Cláudia Leitte e ao seu show “beneficente”.
Como não sou muito de acompanhar
os bastidores da cultura da Bahia, fui procurar entender o que estava
acontecendo. A princípio, achei que já era o fim do mundo e 2012 tinha sido
antecipado para o dia 12 de dezembro (dia em que vi a referida publicidade). Na
verdade se trata de uma jogada de marketing a partir de um nome de batismo dado
pelo “grande” músico baiano Carlinhos Brown.
É legítimo que artistas, músicos
e musicistas se esforcem para entrar em mercados internacionais, como Estados
Unidos e Europa. Mas através da apropriação indevida da identidade de um povo
que sofre até os dias de hoje para garantir a sua visibilidade e combater o
racismo, não é admissível.
Quando a cantora CL utiliza o
termo NegaLôra como sua “nova” identidade de marketing, visa também, agregar
valor ao seu produto. Esse movimento poderia ser entendido como algo positivo
se não tivesse como ponto de fundo ressuscitar o “mito da democracia racial” que tanto foi responsável pelo aprofundamento
sutil e velado do racismo no Brasil.
Sabe-se que a Cláudia Leitte não
emplacou, mesmo sendo somente a “Lora” da música baiana, depois do rompimento com
a banda Babado Novo. E mesmo se apropriando da música negra da Bahia, não
avançou na mídia para além de protagonizar polêmicas em torno do teu pujante
desejo de se parecer com a Ivete Sangallo, outra usurpadora da nossa identidade
afro-baiana.
Quando a Daniela Mercury se
apropriou das músicas do Bloco Afro Ilê Aiyê, muitos de nós já denunciávamos
que se iniciava um processo de apropriação indevida dos nossos símbolos. E a
consumação do fato se deu quando a mesma disse em auto e bom som: “a cor dessa cidade sou eu” (ela,
Daniela M.?).
Se é pra ser a cor da cidade, que
sejam Margareth Menezes, Will Carvalho, Mariene de Castro, Vigínia Rodrigues, e
todas as outras lindas vozes da “NegaNegras” desta cidade de todos os Orishás.

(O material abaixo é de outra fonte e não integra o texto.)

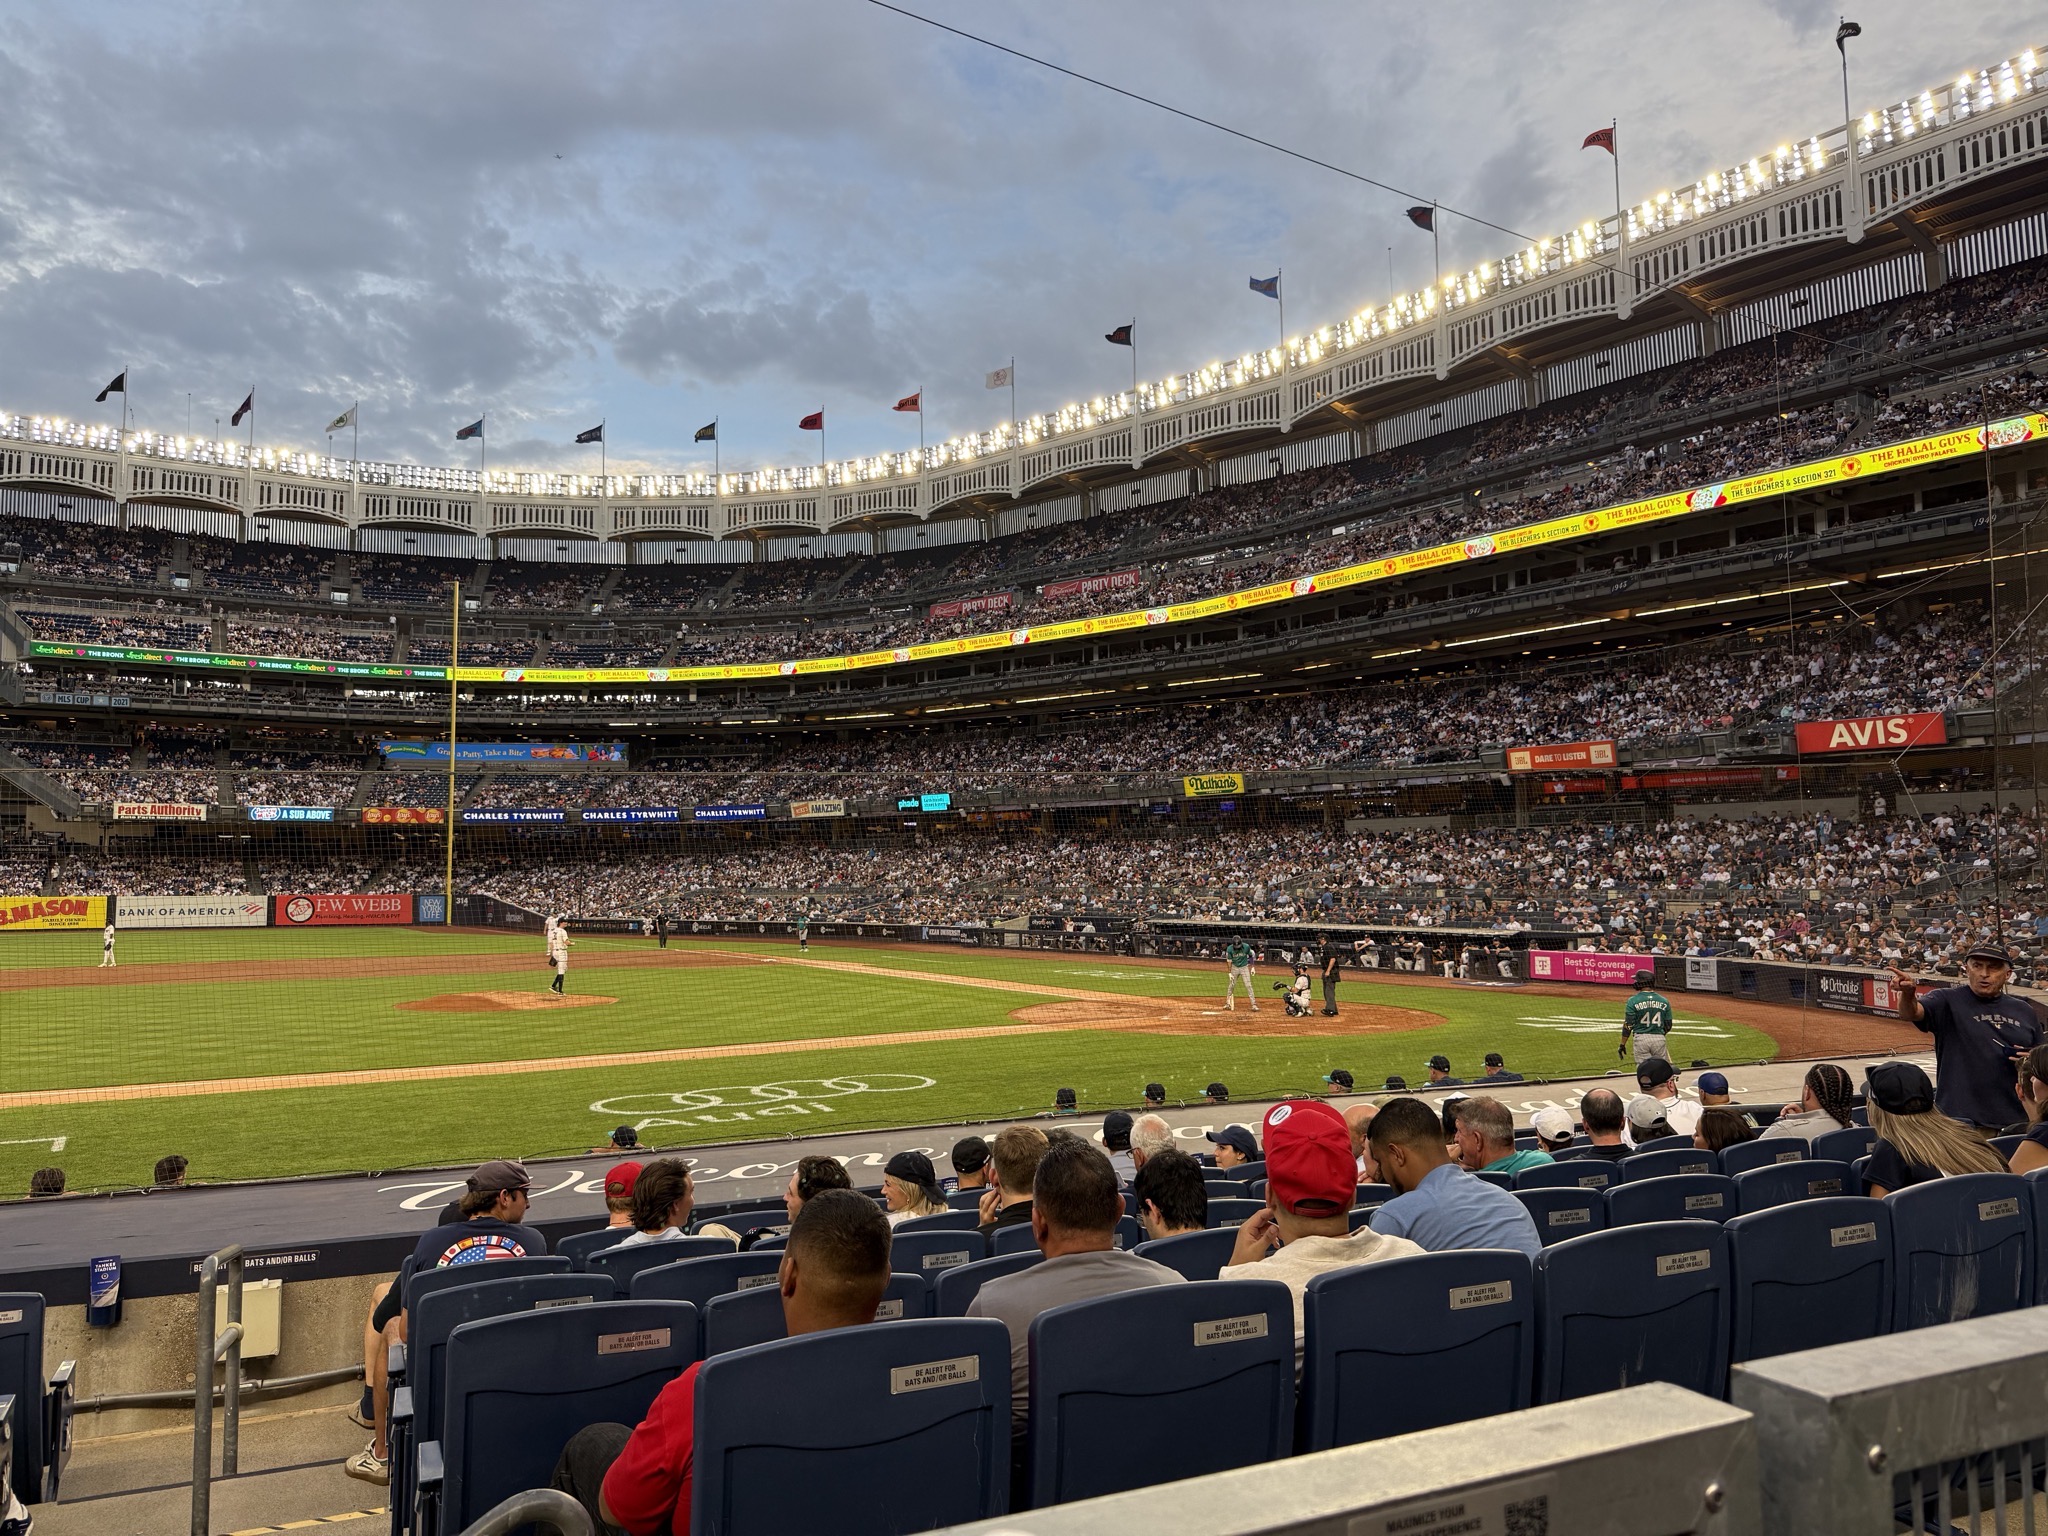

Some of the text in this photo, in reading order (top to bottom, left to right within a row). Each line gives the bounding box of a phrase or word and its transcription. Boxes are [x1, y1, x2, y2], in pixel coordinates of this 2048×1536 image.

Se a CL quer agregar valor e
afirmar uma identidade (que não é dela) para vender seu produto, compreendo,
mas não tolero. Hoje NegaLôra, amanhã o que será? Vamos exaltar nossas
NegaNegras com suas vozes baianas cheias de africanidades.
Quanto ao Carlinhos Brown, é a
prova que ainda temos muitos capitães do mato pra apavorar por aí!!!